Based on the results of the performed tests, it is clear that no phytotoxicity effect on Fenugreek and Lucerne seeds existed. On the contrary, the presence of this drug in water improves the growth of these two plants. However, its presence in the plant represents a health problem for humans and animals. Therefore, the degradation of MTF in water is necessary and beneficial for irrigation use.

Conclusion

The electrolysis of solutions containing the antidiabetic metformin (MTF) using a BDD anode was proven to be an efficient process for the complete removal of this drug. Significant decrease in COD and complete removal of the drug were observed during electrolysis under optimal conditions (j_app = 30 mA cm⁻², Na₂SO₄ = 2 g L⁻¹, NaCl = 0.8 g L⁻¹, pH = 2 and T = 343.15 k). The kinetic decrease in MTF molecules and COD shows that it follows a pseudo-first-order.
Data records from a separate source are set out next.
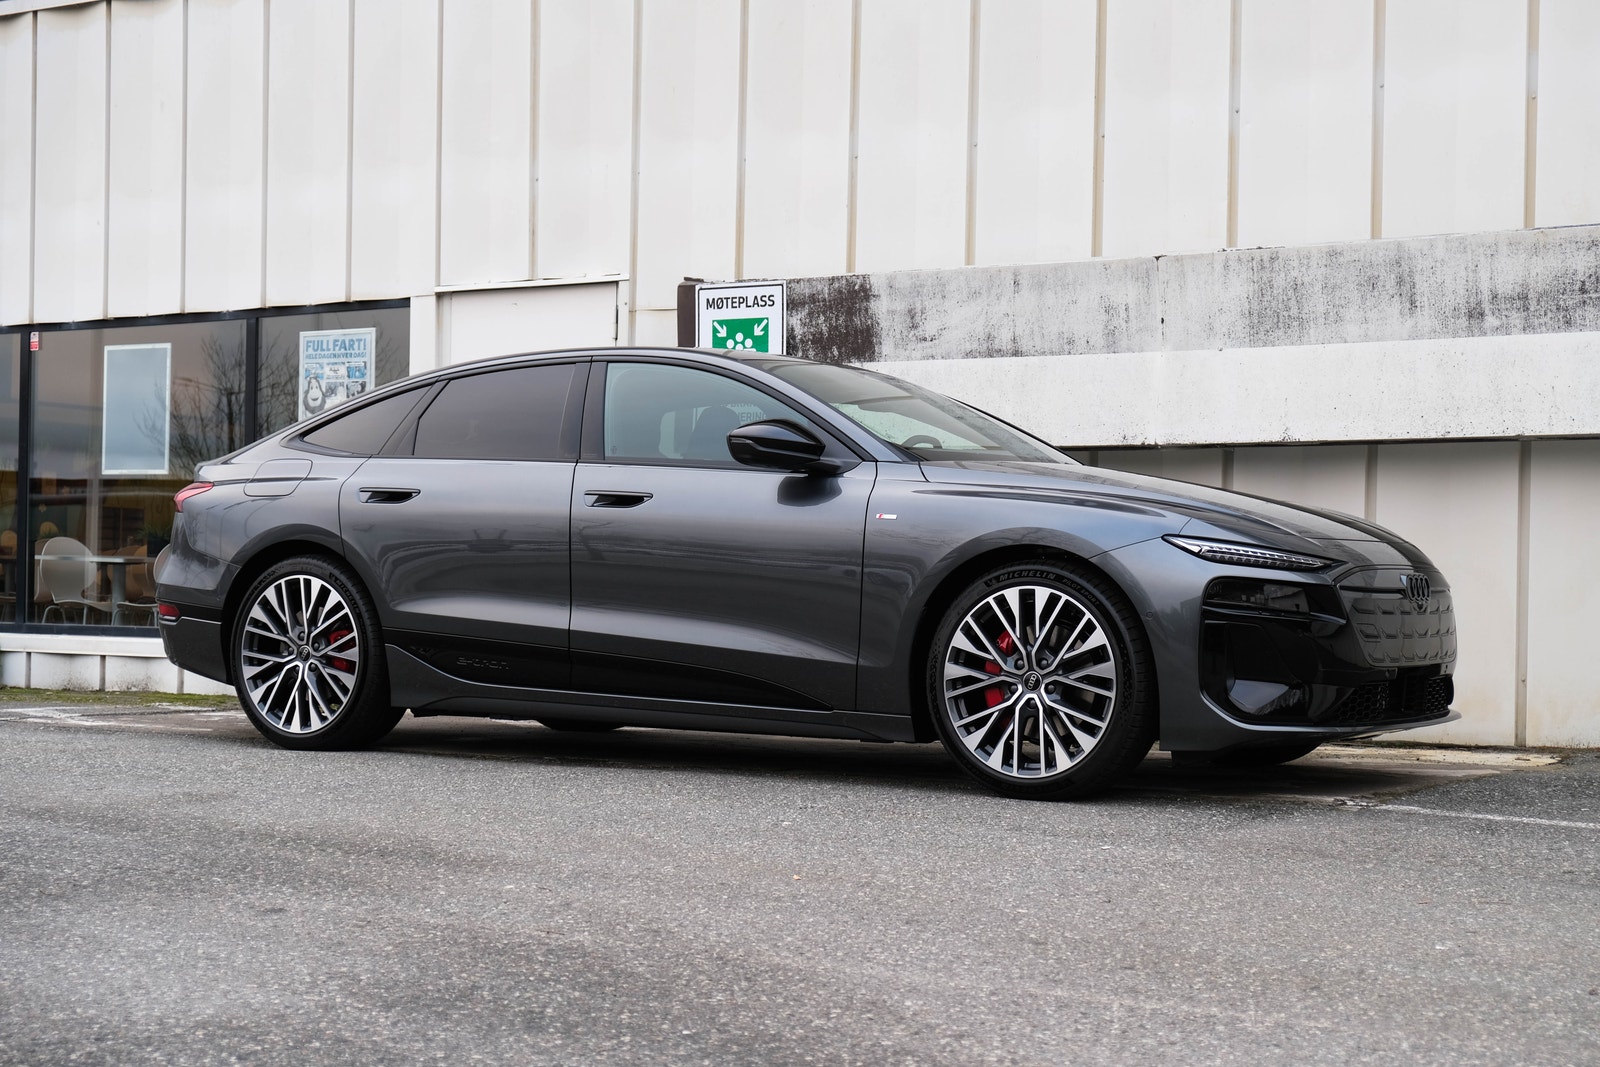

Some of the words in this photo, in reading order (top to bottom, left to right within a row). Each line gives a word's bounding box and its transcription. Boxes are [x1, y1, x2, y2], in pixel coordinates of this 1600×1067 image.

[706, 295, 775, 310] MØTEPLASS
[305, 339, 330, 352] FULL
[332, 338, 367, 351] FART!
[1000, 570, 1057, 581] MICHELIN
[1062, 578, 1081, 590] PILOT
Moreover, the addition of NaCl in the aqueous electrolytic solution promotes the degradation of the main compound due to the generation of species with a higher oxidation potential such as active chlorine.

The phytotoxicity tests were also carried out using Fenugreek and Lucerne seeds. It was observed that despite the beneficial effect of MTF on the growth of the plant, its presence in the stems and leaves of these plants has a problem of toxicity for consumers. It is therefore necessary to treat the water containing this drug before its use in agriculture.